Серега склоняется надо мной, и от боли я просыпаюсь.
Вот так я вспомнил. Во сне.
Поэтому теперь я боялся спать. Мне было страшно, когда она приходила со своим уколом.
«Ну, что ты? Чего ты волнуешься? Сейчас укольчик поставлю – и сразу уснешь. Измучился совсем. Ничего, еще две минуты – и не будет больно. Потерпи, сейчас все пройдет».
«Ну что? Животик болит? – сказал врач, склоняясь ко мне. – Ничего страшного. Аппендицит – это ерунда. Сейчас усыпим тебя, а когда проснешься – все уже будет в порядке. Видишь, вон там, в конце коридора, свет? Иди туда. Это операционная».
Они с отцом остались в той комнате, где меня раздели, а я пошел в темноту. Пол был холодный.
«Ты не стой там босиком! – крикнул мне в спину врач. – Забирайся на стол и лежи. Я сейчас приду».
На мне только длинная, почти до пола, рубаха. В правом боку разрез. Круглый, как яблоко, но намного больше. Как будто кто-то арбузом рубаху порвал. Не очень большим. Трогаю живот через эту дырку и продолжаю идти. Кругом темно, только впереди светится открытая дверь. Там никого. Я иду – один шаг, другой. Быстрее идти трудно. Больно там, где на рубахе разрез. И ноги мерзнут. Темнота.

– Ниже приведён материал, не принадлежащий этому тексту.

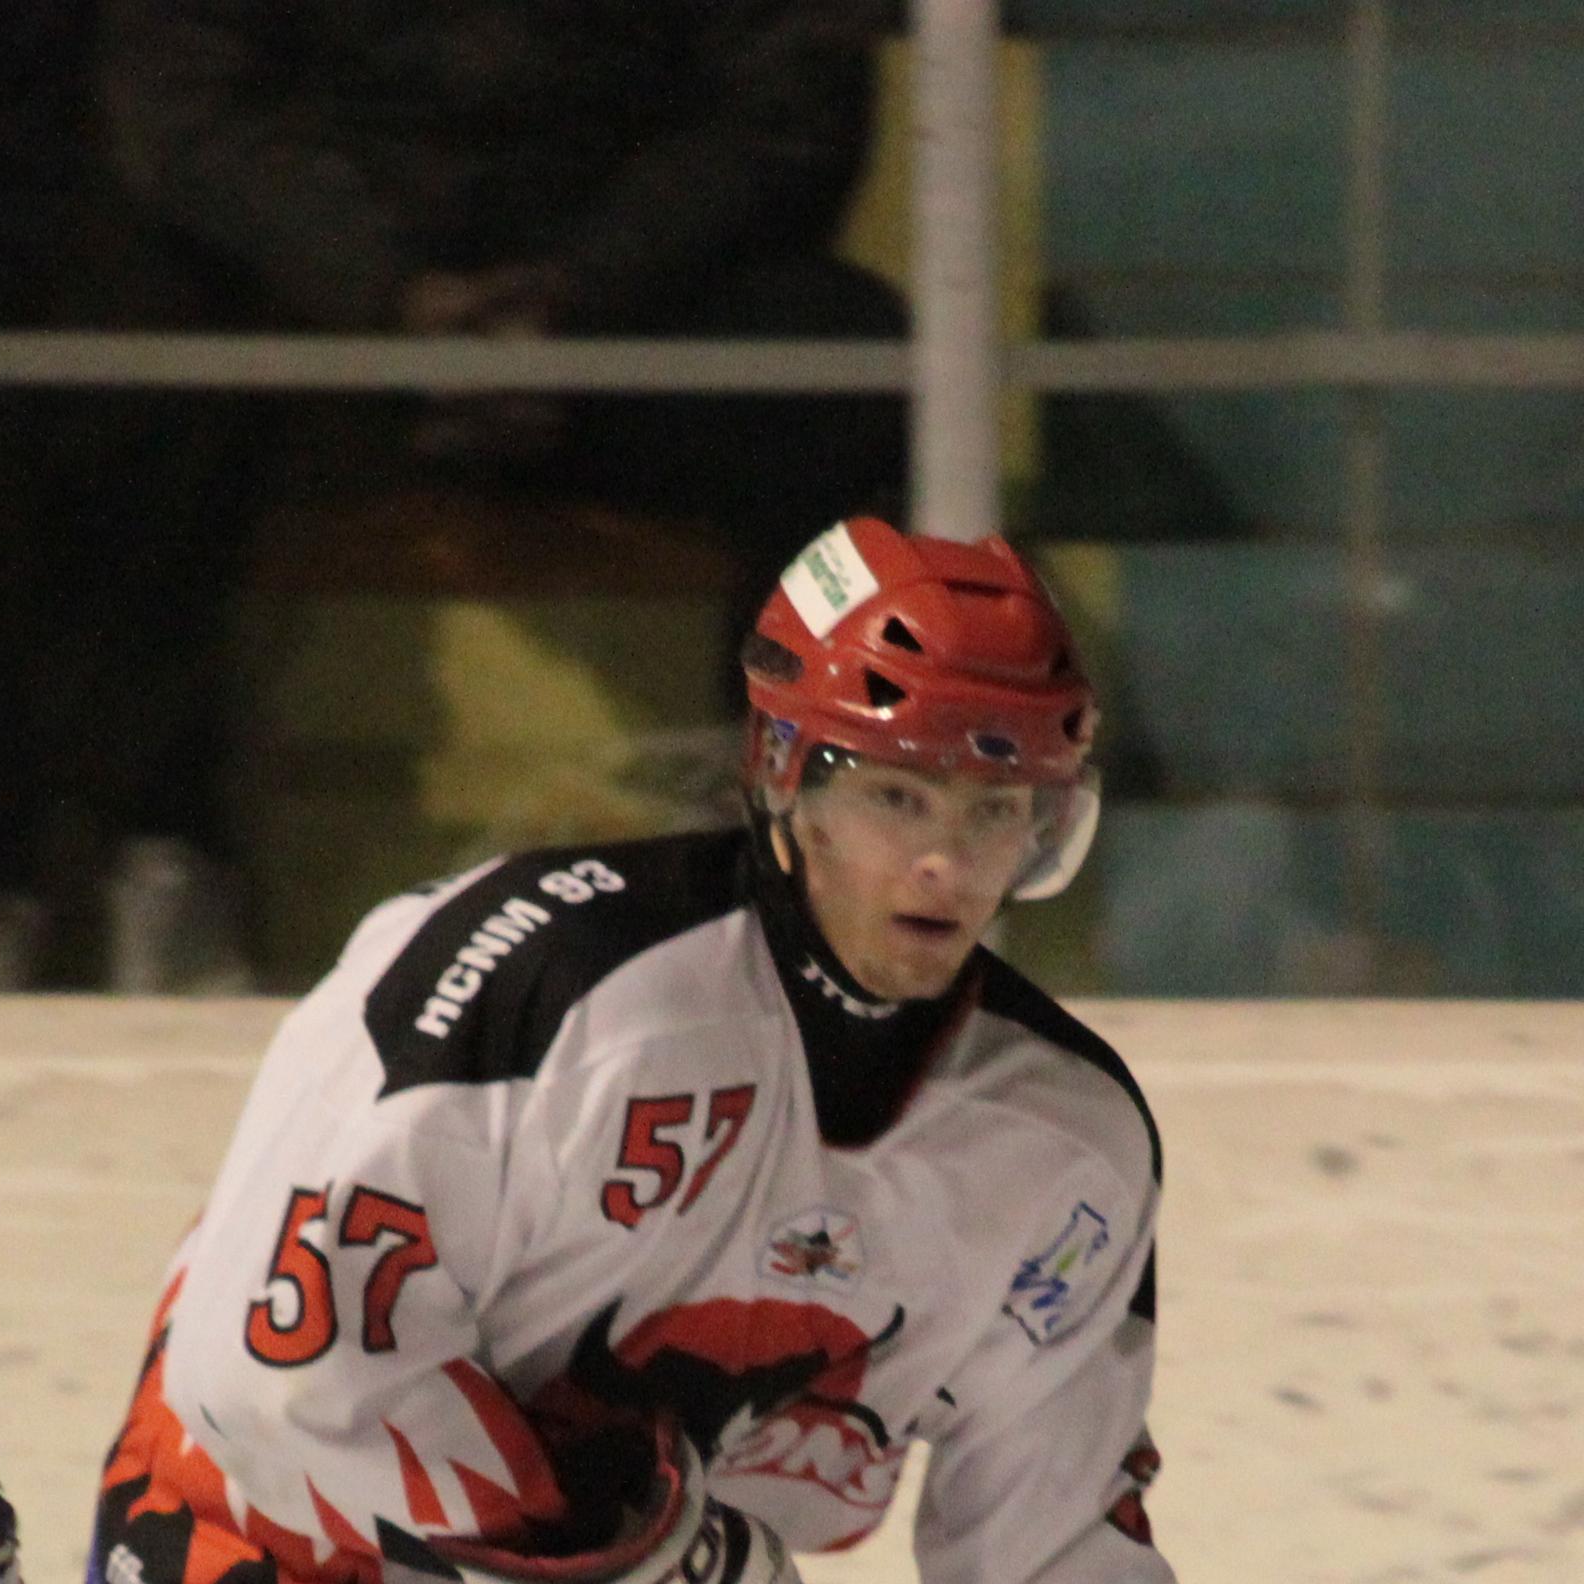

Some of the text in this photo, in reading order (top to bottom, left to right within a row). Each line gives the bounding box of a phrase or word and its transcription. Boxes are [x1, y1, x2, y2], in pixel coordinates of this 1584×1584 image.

[538, 858, 626, 904] 93
[600, 1083, 757, 1230] 57
[244, 1179, 440, 1368] 57

А в комнате никого. Светло, но все равно холодно. Потому что осень, и мама без конца говорит, что от домоуправления тепла, видимо, не дождемся – хоть в суд на них подавай, идиоты несчастные, им только водку жрать и по телефону матом ругаться. Оденься, Костя, теплей. А то простынешь, и придется пропускать школу. Где твой свитер?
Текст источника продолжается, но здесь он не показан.